## Problem
The listing below is to be given again in full and word for word, without its images.
▬▬▬▬▬▬
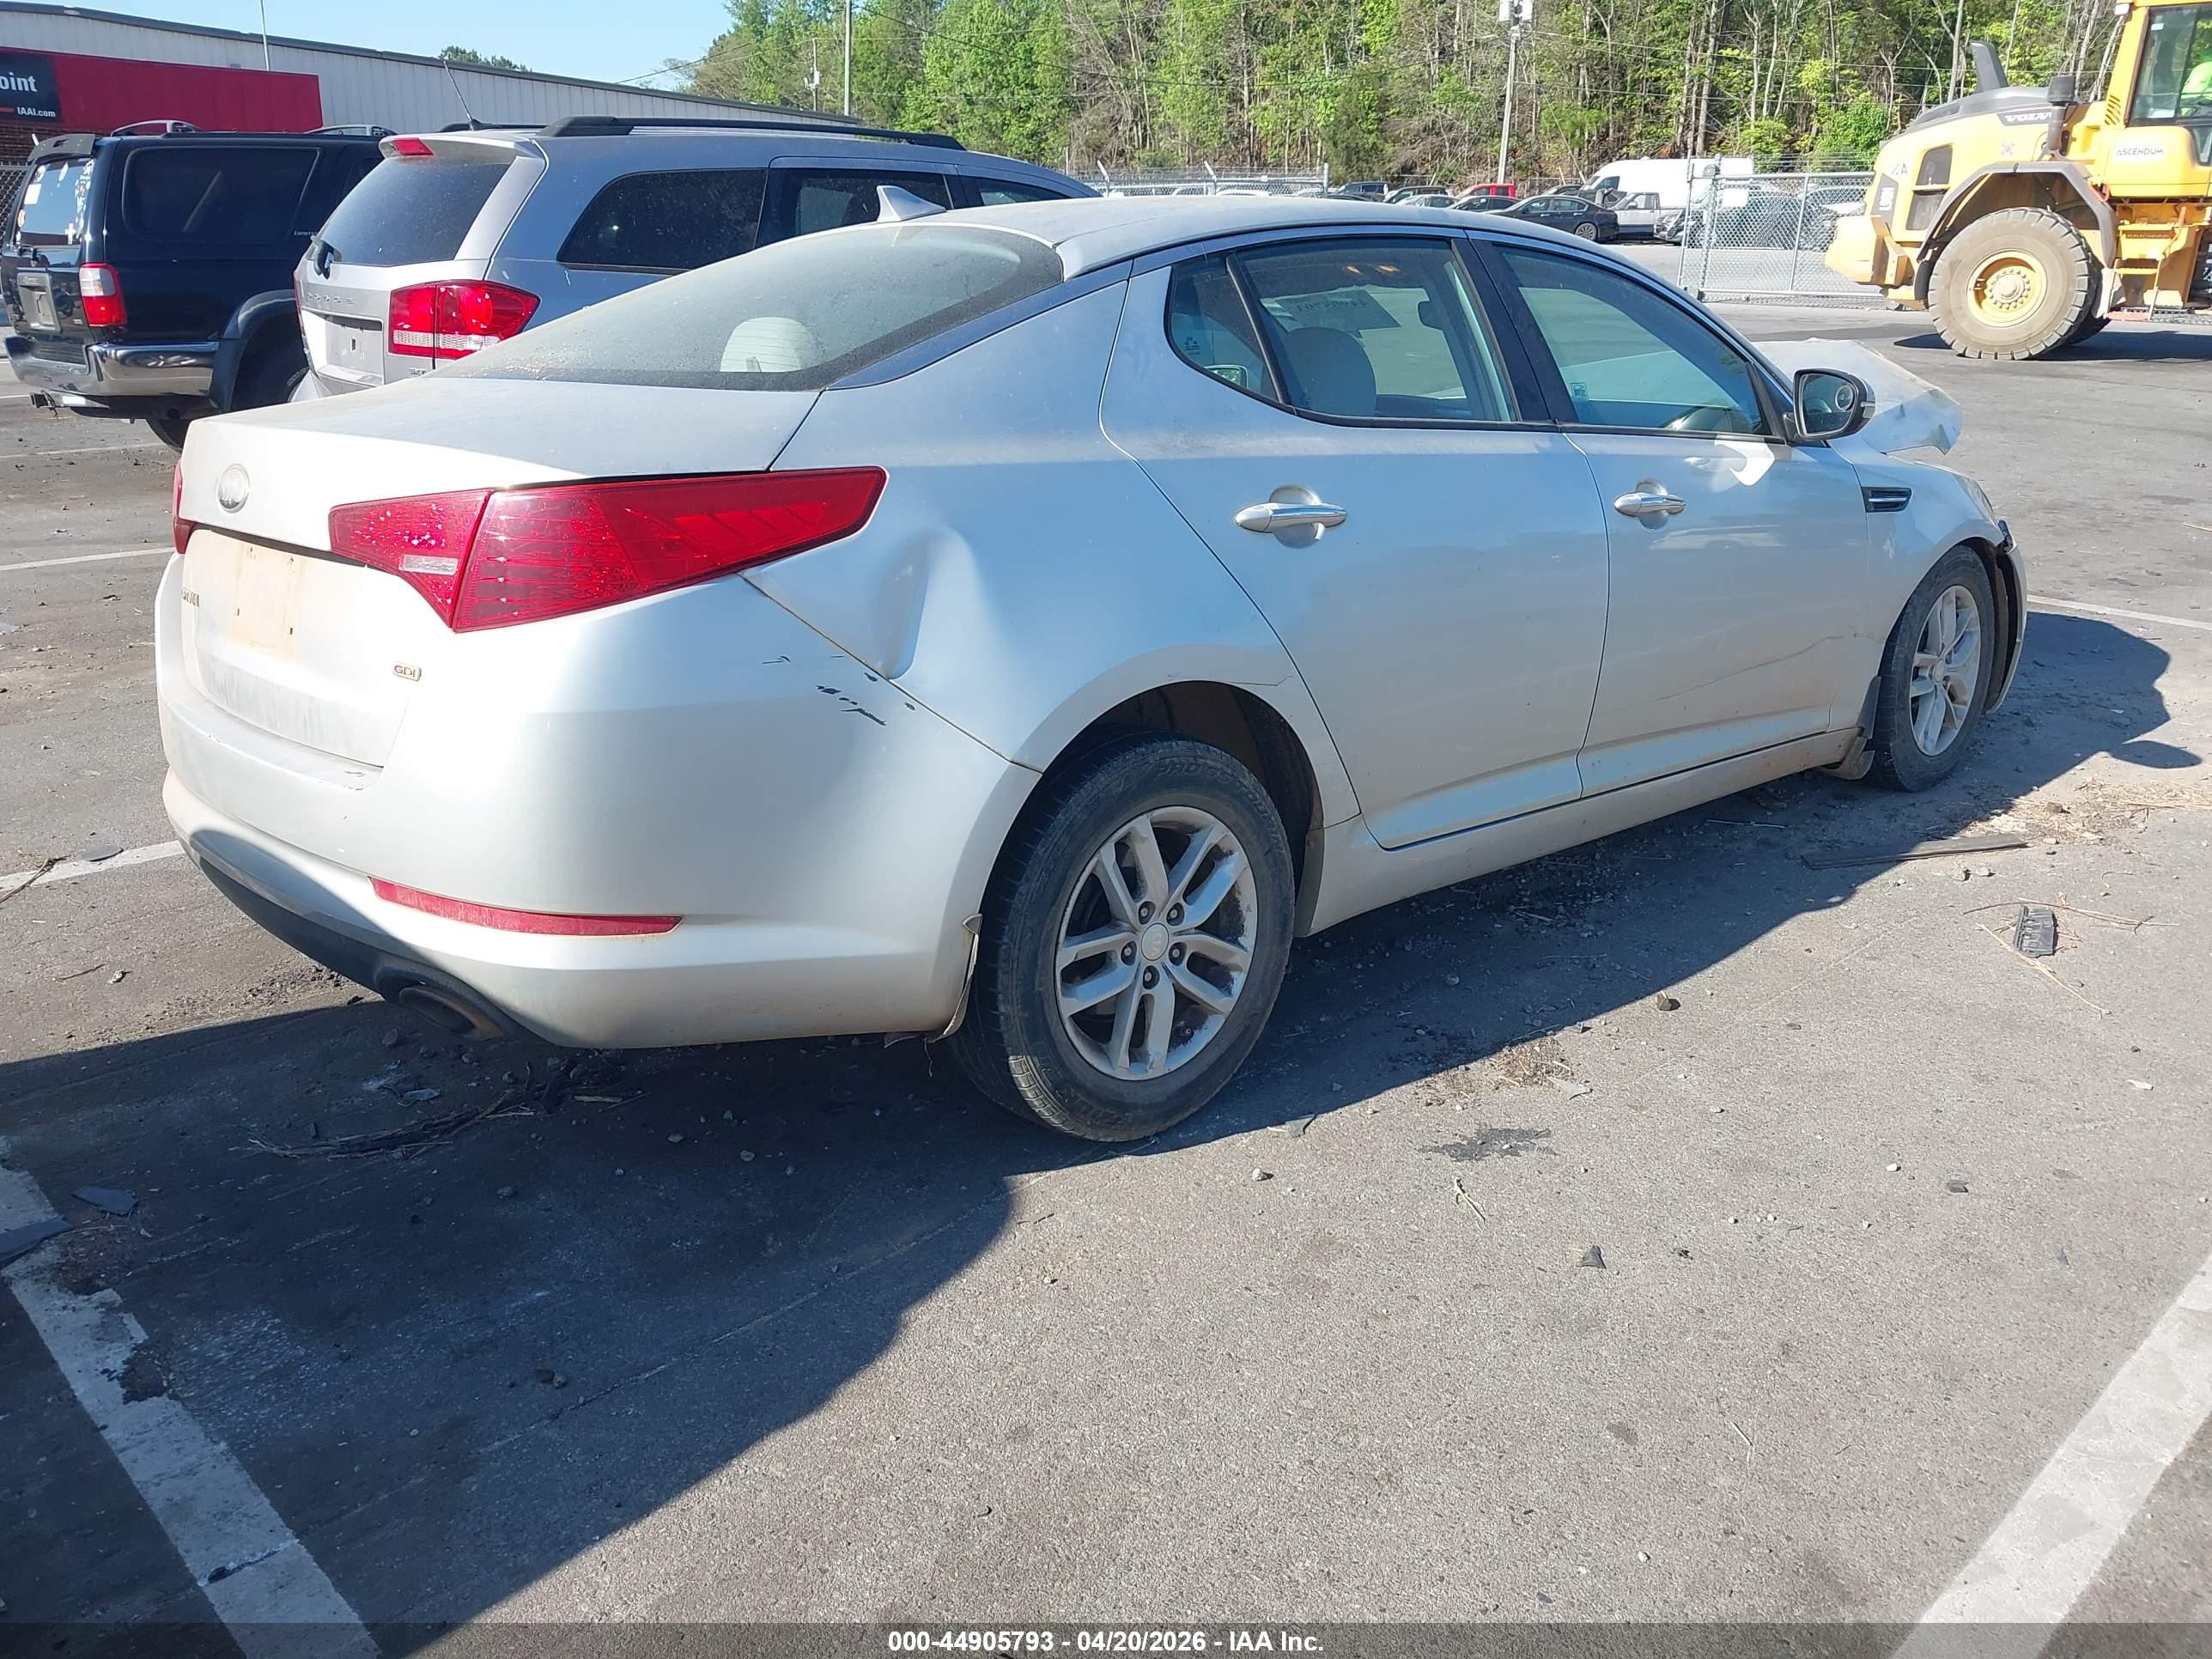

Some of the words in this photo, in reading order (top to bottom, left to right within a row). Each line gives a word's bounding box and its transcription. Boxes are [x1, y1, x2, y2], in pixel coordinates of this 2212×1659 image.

[17, 106, 56, 118] IAAI.com
[2005, 112, 2052, 122] VOLV
[2116, 147, 2164, 155] ASCENDUM
[394, 665, 416, 678] GDI
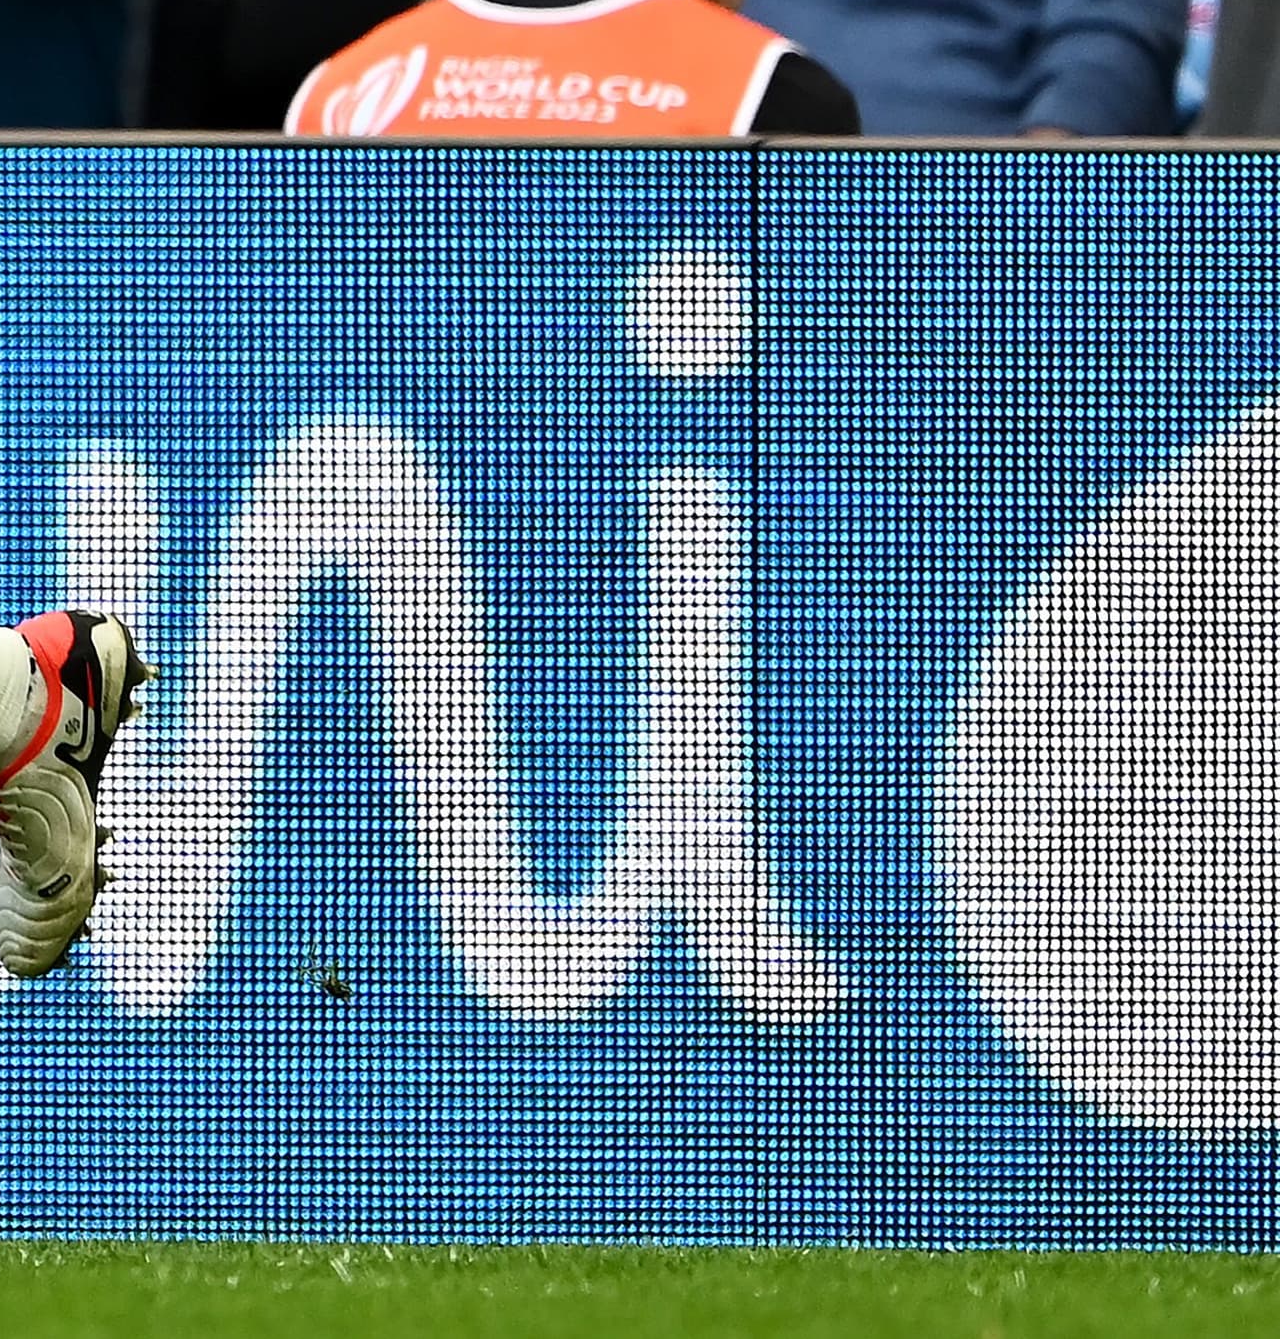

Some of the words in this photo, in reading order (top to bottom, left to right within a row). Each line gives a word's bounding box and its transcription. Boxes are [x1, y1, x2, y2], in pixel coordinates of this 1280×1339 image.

[440, 57, 543, 78] RUGBY
[432, 72, 593, 102] WORLD
[598, 74, 688, 113] CUP
[417, 97, 530, 121] FRANCE
[535, 99, 617, 124] 2023
▬▬▬▬▬▬
## Expected output
Some of the words in this photo, in reading order (top to bottom, left to right within a row). Each line gives a word's bounding box and its transcription. Boxes are [x1, y1, x2, y2], in pixel coordinates of this 2212×1659 image.

[17, 106, 56, 118] IAAI.com
[2005, 112, 2052, 122] VOLV
[2116, 147, 2164, 155] ASCENDUM
[394, 665, 416, 678] GDI

Some of the words in this photo, in reading order (top to bottom, left to right within a row). Each line gives a word's bounding box and its transcription. Boxes are [x1, y1, x2, y2], in pixel coordinates of this 1280×1339 image.

[440, 57, 543, 78] RUGBY
[432, 72, 593, 102] WORLD
[598, 74, 688, 113] CUP
[417, 97, 530, 121] FRANCE
[535, 99, 617, 124] 2023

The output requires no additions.